* What to produce
The reply should hold only the lines from the one with "this 1200×1600 image." through the end of the data, each given exactly.
* * * *
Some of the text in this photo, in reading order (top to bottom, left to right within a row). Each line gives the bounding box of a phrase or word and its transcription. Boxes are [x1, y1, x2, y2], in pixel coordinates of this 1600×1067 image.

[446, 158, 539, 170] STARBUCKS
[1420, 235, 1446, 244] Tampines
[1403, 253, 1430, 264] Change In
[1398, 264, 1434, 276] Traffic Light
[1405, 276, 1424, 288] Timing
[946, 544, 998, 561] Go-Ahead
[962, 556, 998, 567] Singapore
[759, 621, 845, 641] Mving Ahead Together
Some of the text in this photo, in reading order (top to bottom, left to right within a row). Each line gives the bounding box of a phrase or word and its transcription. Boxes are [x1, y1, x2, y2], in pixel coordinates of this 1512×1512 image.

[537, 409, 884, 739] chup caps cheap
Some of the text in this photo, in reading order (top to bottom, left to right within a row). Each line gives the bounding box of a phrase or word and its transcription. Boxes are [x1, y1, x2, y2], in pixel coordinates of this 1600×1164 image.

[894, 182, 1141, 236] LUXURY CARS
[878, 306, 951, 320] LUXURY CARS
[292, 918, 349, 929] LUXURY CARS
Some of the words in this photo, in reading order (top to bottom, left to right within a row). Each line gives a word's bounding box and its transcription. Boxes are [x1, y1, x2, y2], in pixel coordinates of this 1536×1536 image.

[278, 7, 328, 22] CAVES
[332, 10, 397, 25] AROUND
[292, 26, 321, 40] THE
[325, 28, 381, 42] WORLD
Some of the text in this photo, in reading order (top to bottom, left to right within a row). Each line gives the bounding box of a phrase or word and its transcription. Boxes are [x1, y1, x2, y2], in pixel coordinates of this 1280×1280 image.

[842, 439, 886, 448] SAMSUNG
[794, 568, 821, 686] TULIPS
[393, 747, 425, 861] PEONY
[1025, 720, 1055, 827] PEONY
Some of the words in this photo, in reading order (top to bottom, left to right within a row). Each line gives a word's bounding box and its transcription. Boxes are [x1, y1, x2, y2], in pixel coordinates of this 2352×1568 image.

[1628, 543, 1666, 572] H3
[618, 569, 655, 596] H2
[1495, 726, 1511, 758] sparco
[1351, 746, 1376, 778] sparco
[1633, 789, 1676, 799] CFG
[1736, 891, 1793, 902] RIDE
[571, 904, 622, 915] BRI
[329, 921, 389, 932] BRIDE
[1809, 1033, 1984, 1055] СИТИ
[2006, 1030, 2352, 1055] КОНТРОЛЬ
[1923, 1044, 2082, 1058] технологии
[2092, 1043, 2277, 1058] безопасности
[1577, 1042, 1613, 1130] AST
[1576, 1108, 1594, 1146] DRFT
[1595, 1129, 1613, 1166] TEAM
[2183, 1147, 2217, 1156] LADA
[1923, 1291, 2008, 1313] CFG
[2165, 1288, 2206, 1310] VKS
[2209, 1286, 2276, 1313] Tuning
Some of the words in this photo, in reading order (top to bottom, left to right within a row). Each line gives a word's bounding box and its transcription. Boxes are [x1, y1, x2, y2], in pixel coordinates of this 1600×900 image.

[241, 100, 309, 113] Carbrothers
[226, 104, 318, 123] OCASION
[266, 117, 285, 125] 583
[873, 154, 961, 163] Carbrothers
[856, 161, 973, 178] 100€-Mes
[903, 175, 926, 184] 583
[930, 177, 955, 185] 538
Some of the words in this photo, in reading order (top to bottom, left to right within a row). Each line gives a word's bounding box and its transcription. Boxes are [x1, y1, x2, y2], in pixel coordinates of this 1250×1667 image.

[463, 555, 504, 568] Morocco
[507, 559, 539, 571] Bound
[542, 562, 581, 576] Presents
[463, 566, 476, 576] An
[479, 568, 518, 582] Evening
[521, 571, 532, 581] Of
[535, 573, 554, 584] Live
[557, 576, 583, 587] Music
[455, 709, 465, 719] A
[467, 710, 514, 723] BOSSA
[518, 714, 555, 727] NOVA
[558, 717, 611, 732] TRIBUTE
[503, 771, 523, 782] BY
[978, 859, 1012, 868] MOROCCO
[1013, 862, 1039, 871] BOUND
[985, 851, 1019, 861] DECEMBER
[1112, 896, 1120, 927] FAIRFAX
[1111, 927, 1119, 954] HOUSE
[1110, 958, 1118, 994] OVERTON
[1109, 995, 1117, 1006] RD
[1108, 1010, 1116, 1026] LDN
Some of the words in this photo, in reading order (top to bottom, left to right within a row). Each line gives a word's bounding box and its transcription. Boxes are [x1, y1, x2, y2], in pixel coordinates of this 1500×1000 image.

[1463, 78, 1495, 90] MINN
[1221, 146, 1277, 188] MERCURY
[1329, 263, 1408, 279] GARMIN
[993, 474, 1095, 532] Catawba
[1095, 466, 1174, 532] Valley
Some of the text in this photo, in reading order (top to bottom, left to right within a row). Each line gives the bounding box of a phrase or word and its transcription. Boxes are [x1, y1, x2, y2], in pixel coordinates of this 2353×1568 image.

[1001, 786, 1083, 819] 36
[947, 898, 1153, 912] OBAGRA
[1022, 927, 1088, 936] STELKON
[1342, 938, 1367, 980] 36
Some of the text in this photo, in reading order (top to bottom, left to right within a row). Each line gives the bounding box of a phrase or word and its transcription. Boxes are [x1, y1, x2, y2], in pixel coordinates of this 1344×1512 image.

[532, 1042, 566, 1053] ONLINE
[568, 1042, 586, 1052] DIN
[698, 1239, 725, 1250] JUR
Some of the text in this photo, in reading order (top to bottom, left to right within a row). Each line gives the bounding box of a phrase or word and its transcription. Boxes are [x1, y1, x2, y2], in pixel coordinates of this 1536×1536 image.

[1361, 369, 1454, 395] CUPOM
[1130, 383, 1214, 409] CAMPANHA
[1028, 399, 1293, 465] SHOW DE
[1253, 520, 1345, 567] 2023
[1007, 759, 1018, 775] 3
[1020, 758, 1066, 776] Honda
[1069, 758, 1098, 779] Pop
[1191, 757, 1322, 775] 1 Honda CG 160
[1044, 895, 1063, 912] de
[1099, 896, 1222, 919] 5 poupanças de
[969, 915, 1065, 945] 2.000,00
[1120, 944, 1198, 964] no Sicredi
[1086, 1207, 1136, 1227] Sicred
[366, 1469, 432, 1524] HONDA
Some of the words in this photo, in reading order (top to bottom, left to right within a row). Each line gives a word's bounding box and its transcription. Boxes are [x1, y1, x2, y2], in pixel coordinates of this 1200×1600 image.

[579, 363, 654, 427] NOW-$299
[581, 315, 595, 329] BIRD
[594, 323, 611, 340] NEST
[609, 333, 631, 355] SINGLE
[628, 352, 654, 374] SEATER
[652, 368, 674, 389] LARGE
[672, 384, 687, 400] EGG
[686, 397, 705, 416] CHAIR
* * * *
* Answer to this problem
Some of the words in this photo, in reading order (top to bottom, left to right within a row). Each line gives a word's bounding box and its transcription. Boxes are [x1, y1, x2, y2], in pixel coordinates of this 1200×1600 image.

[579, 363, 654, 427] NOW-$299
[581, 315, 595, 329] BIRD
[594, 323, 611, 340] NEST
[609, 333, 631, 355] SINGLE
[628, 352, 654, 374] SEATER
[652, 368, 674, 389] LARGE
[672, 384, 687, 400] EGG
[686, 397, 705, 416] CHAIR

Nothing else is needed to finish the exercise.